● **Exercise description**: Every entry below must be transcribed word for word, and the images must be left out.

● **Source data**:
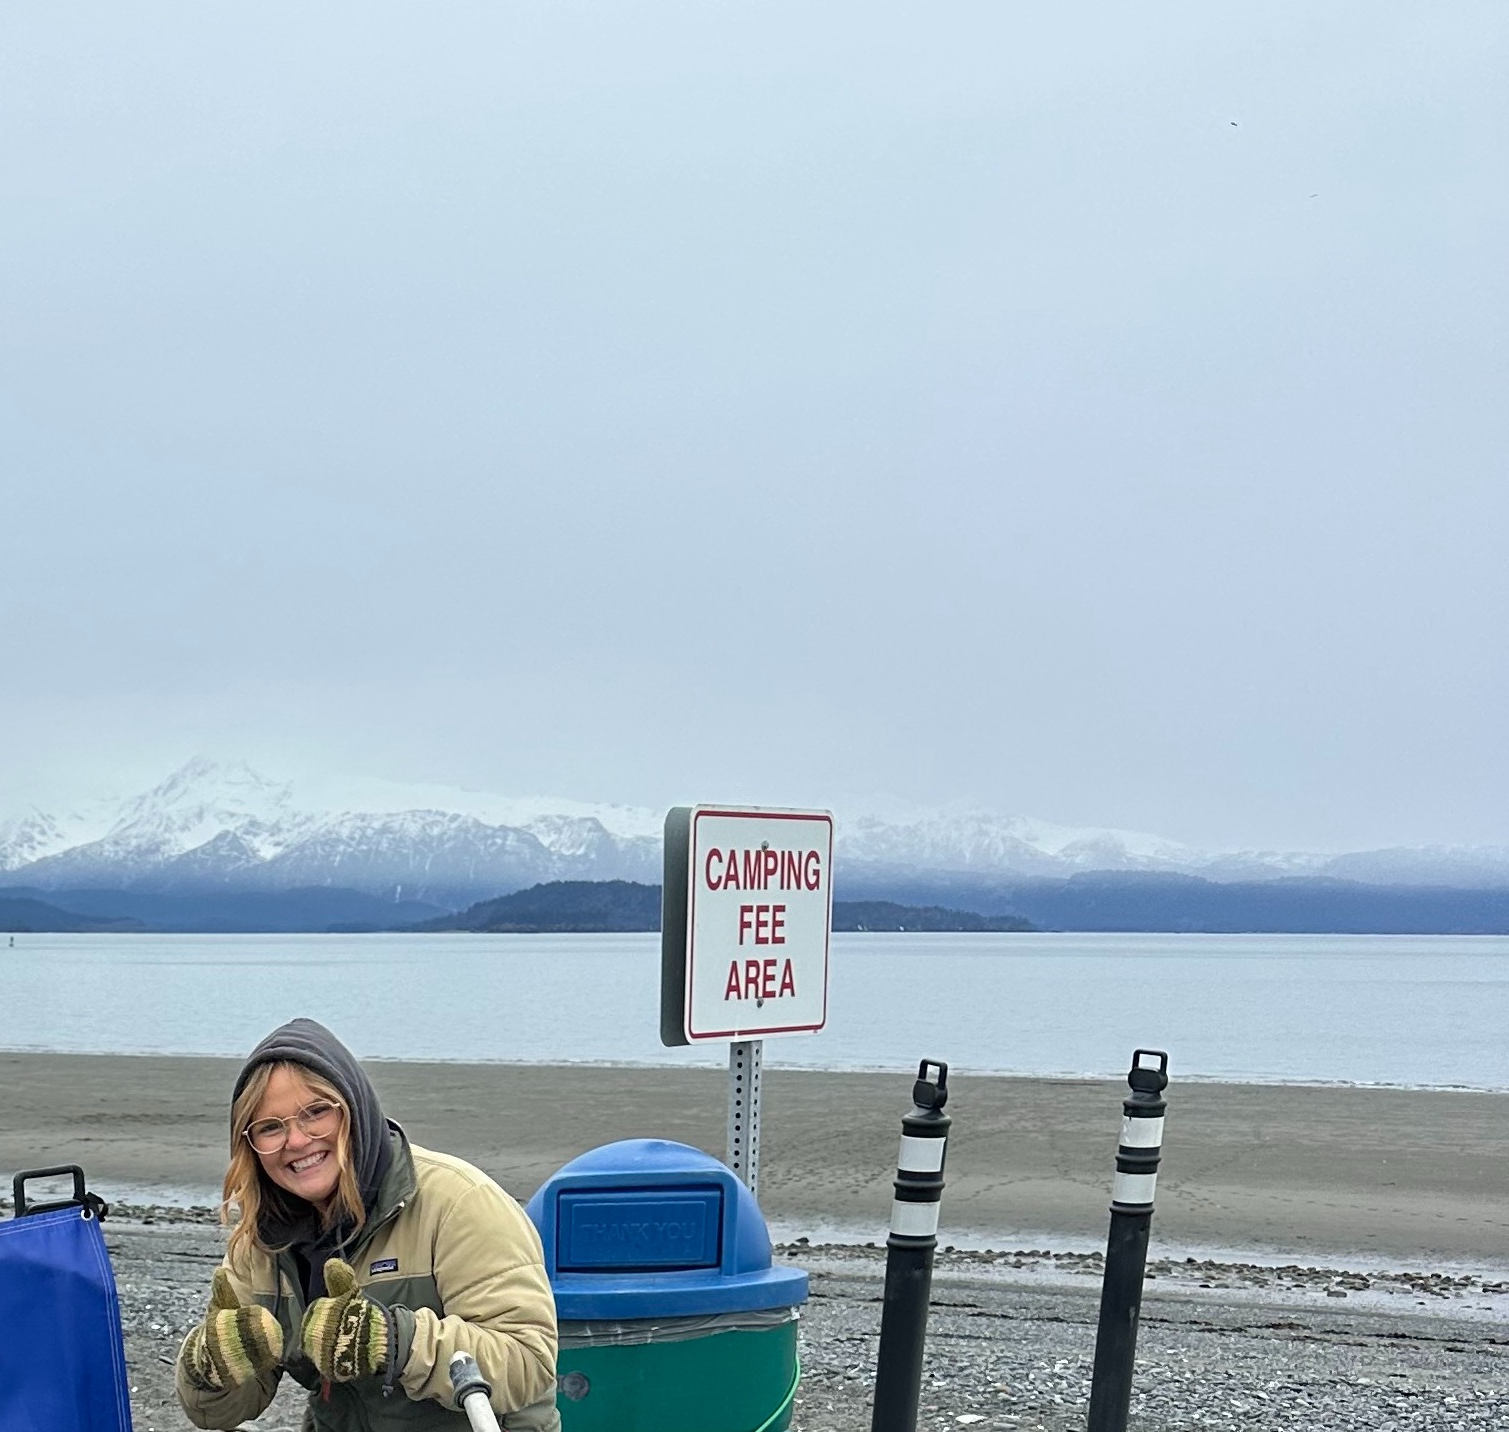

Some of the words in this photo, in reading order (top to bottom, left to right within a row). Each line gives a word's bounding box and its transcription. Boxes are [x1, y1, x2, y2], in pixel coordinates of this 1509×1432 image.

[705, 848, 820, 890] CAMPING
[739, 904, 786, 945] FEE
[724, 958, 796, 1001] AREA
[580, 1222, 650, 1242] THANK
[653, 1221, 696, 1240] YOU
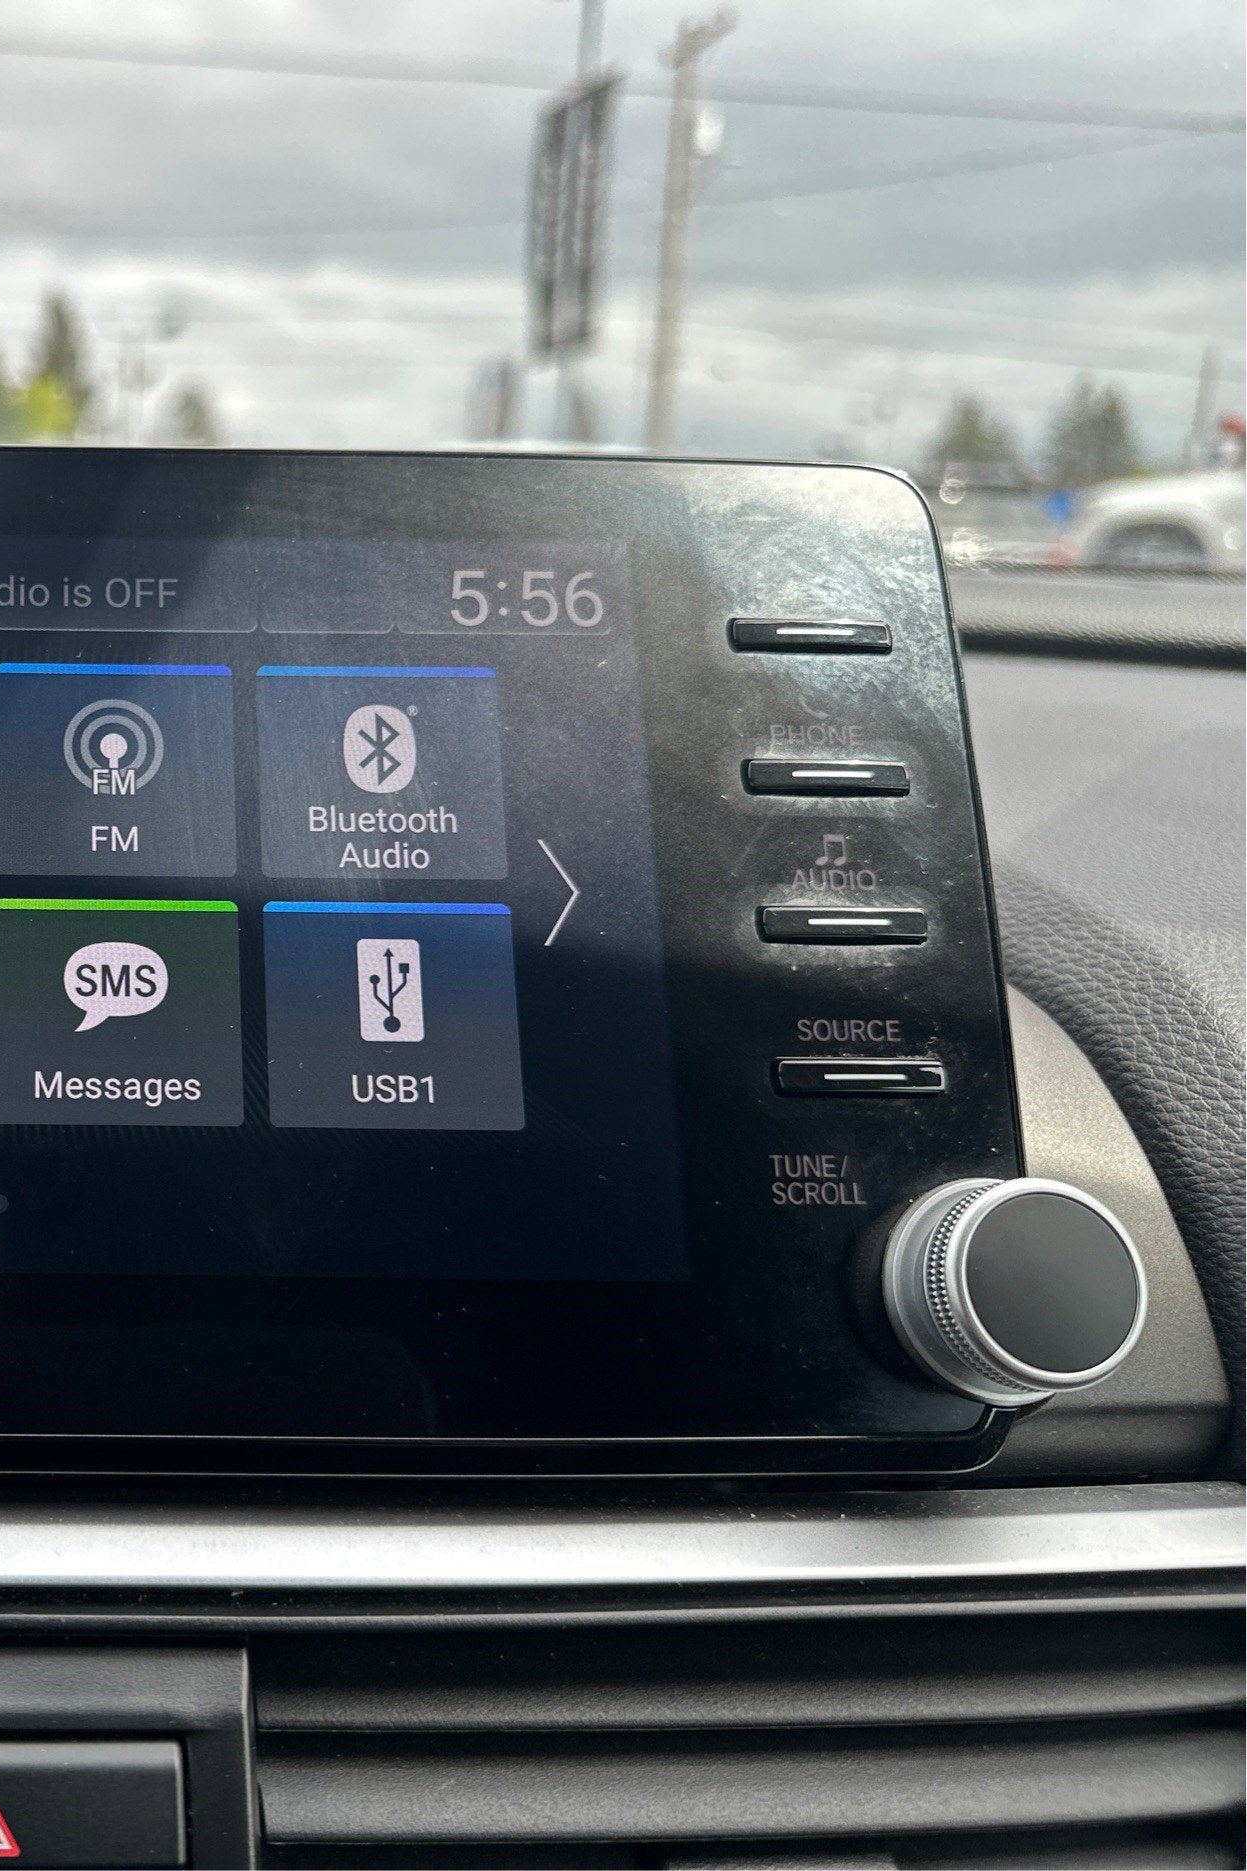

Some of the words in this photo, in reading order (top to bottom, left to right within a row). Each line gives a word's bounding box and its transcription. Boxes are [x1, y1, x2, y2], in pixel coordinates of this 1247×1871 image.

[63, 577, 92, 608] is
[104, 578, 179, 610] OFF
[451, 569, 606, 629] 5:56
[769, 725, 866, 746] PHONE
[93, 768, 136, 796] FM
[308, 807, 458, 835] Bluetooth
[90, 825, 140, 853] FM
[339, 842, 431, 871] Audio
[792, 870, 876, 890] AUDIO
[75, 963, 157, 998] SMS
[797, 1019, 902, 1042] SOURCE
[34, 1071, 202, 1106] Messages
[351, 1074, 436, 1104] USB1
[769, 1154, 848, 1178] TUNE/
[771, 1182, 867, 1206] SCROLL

● **Written solution**:
Some of the words in this photo, in reading order (top to bottom, left to right within a row). Each line gives a word's bounding box and its transcription. Boxes are [x1, y1, x2, y2], in pixel coordinates of this 1509×1432 image.

[705, 848, 820, 890] CAMPING
[739, 904, 786, 945] FEE
[724, 958, 796, 1001] AREA
[580, 1222, 650, 1242] THANK
[653, 1221, 696, 1240] YOU

Some of the words in this photo, in reading order (top to bottom, left to right within a row). Each line gives a word's bounding box and its transcription. Boxes are [x1, y1, x2, y2], in pixel coordinates of this 1247×1871 image.

[63, 577, 92, 608] is
[104, 578, 179, 610] OFF
[451, 569, 606, 629] 5:56
[769, 725, 866, 746] PHONE
[93, 768, 136, 796] FM
[308, 807, 458, 835] Bluetooth
[90, 825, 140, 853] FM
[339, 842, 431, 871] Audio
[792, 870, 876, 890] AUDIO
[75, 963, 157, 998] SMS
[797, 1019, 902, 1042] SOURCE
[34, 1071, 202, 1106] Messages
[351, 1074, 436, 1104] USB1
[769, 1154, 848, 1178] TUNE/
[771, 1182, 867, 1206] SCROLL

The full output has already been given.